ANALYSIS AND DESIGN

4.1 Analysis

4.1.1 Collecting Data

1. Data Test

Test data obtained from web questionnaires that have been made

before by the author. The questionnaire data from the web is stored

as a txt file.

Example :

Table 4.1: Table Test Data

Data Angket Status

@dosen sering hadir tidak tepat waktu sehingga mahasiswa sering untuk menunngu dahulu...

?

2. Data Training

Training data was taken from randomly collecting data from

BMSI server Unika Soegijapranata. The data collected is 1092 data

(questionnaire). Then the data will be selected again by the author.

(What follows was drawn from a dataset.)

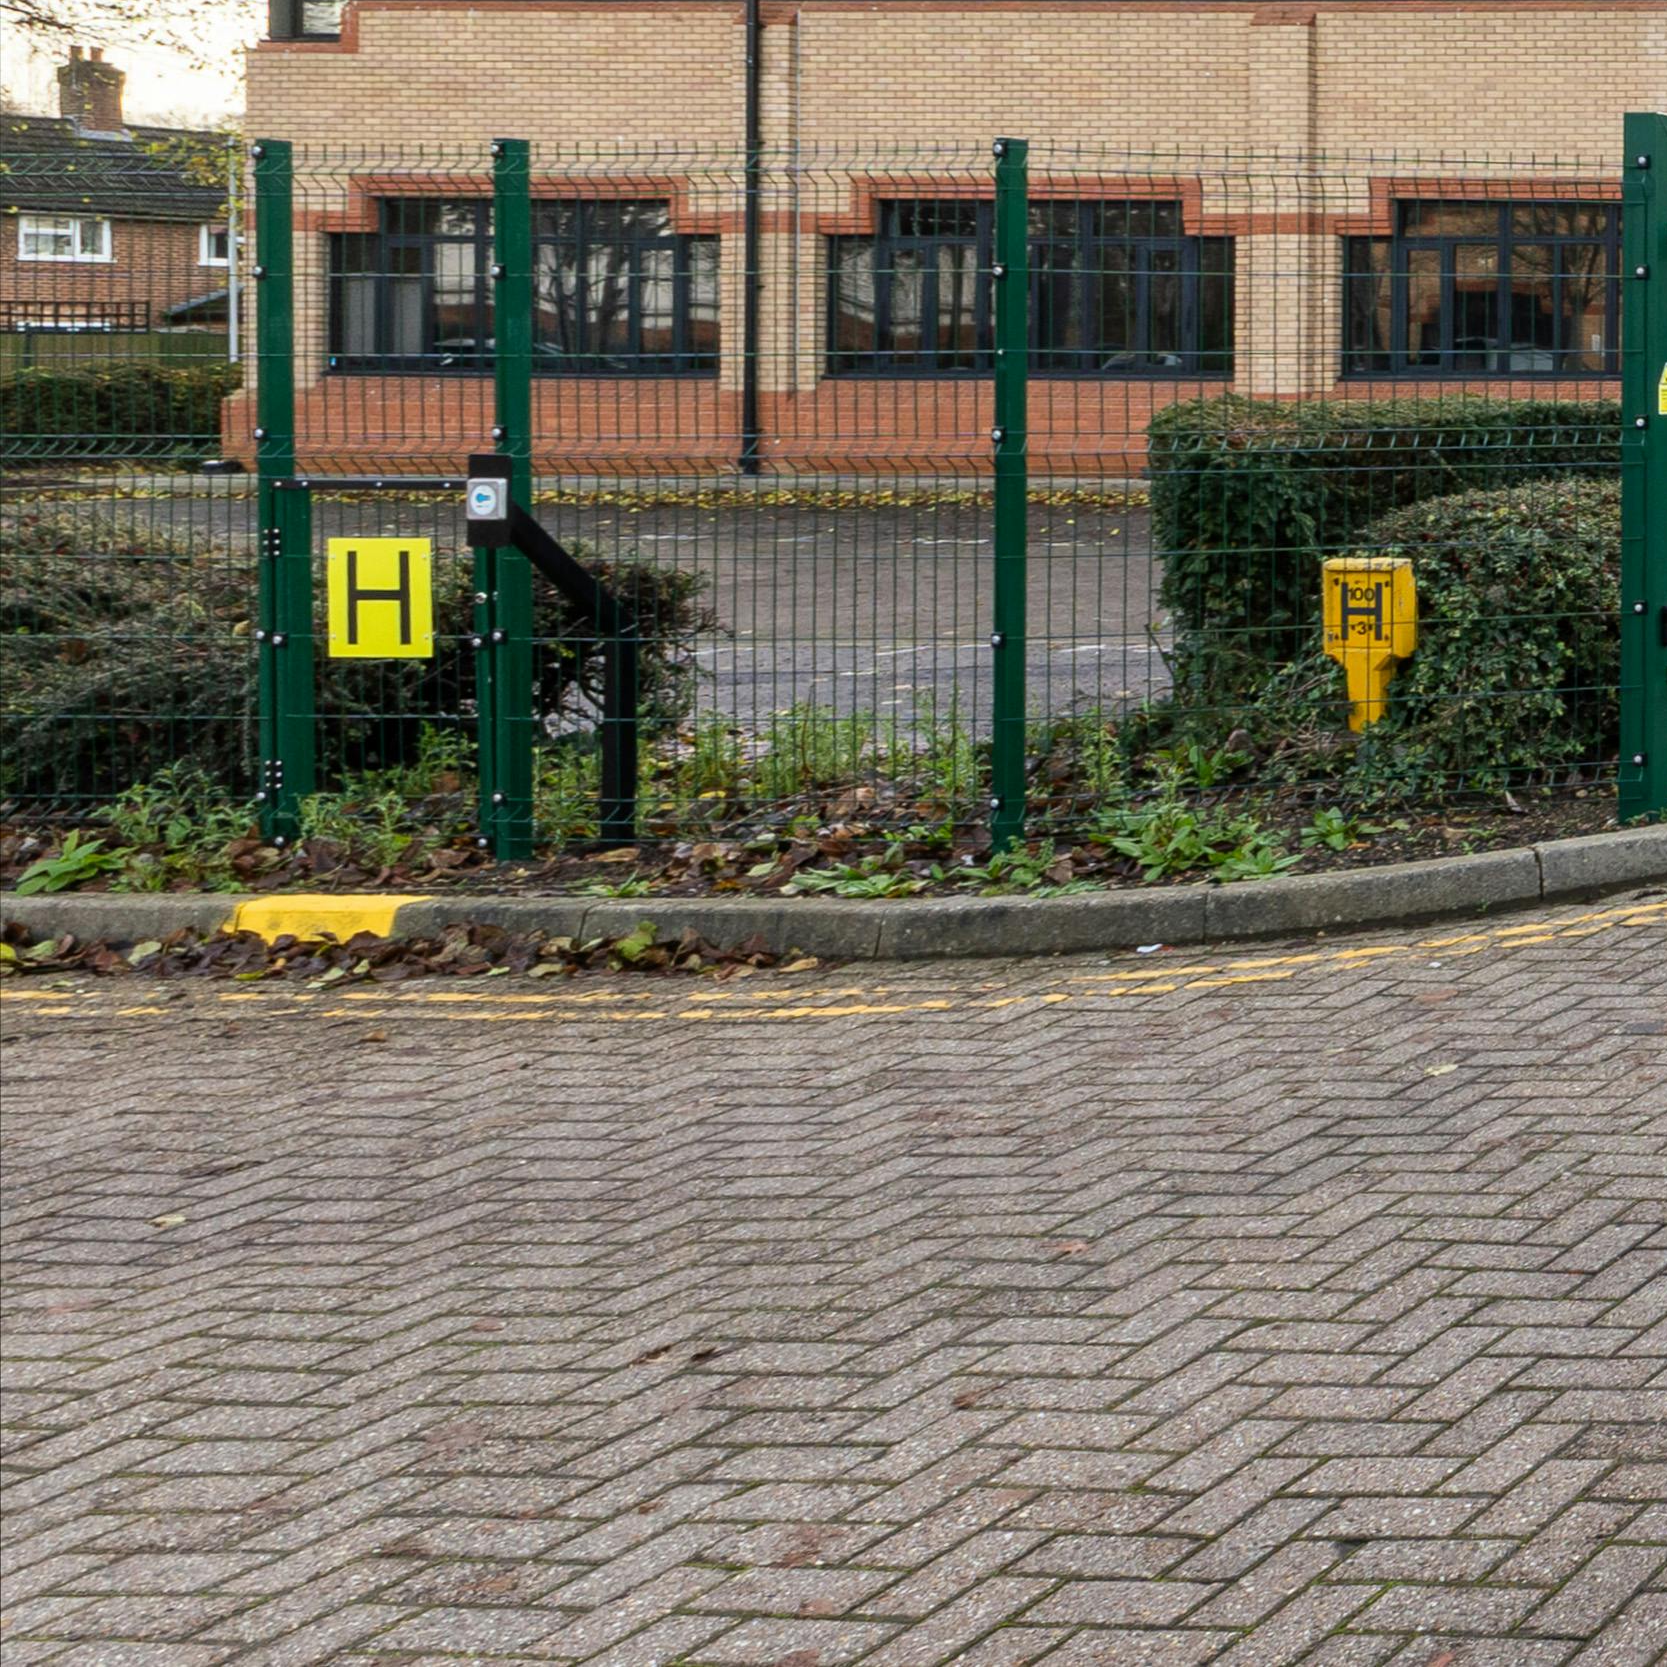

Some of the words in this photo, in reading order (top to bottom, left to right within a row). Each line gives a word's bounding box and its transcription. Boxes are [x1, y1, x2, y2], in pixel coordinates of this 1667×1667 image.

[347, 550, 411, 645] H
[1341, 582, 1383, 641] H
[1348, 587, 1375, 602] 100

200 data were taken for training data, with details of 100 data with

negative opinion and 100 data with positive opinion. The selected

data is only data that has a number of letters above 50 and the

determination of negative and positive opinions is determined

manually by the author. Then the questionnaire data is stored in the

txt file.

Example :

Table 4.2: Table Data Training

Data Angket Status

Jangan telat terus Pak kalau kuliah pagi! dan mohon konfirmasi ketidakhadiran sebelum hari perkuliahan...

Negative

@Dosen memulai perkuliahan tidak tepat waktu. Negative

cara pengajaran yang santai, tidak terburu buru, sehingga mudah di ikuti dan di pelajari oleh siswa siswa nya.

Positive

Tidak ada karena semuanya sudah berjalan dengan baik. Sehingga mahasiswa dapat menerima mata kuliah tersebut dengan puas.

Positive

4.1.2 Prepare Data

In the next process, training data and test data will be processed by Text

Preprocessing method. Preprocessing stage prepares data in the form of

unstructured text into structured data which is ready to be used for the next

process. Preprocessing stages used in this study include :

1. Tokenizing

Tokenizing stage is the stage to cut text questionnaire into each word

contained. This word piece is called a token or term.

Example :

”Jangan telat terus Pak kalau kuliah pagi! dan mohon konfirmasi

Table 4.3: Table Tokenization

jangan telat terus Pak kalau

kuliah pagi! dan mohon konfirmasi

ketidakhadiran sebelum hari Perkuliahan...

2. Cleansing

The cleansing stage is the stage to remove all characters other than

alphabetical characters (a-z and A-Z). Characters such as emoticons or

numbers will be removed.

Example :

”Jangan telat terus Pak kalau kuliah pagi! dan mohon konfirmasi

ketidakhadiran sebelum hari perkuliahan...”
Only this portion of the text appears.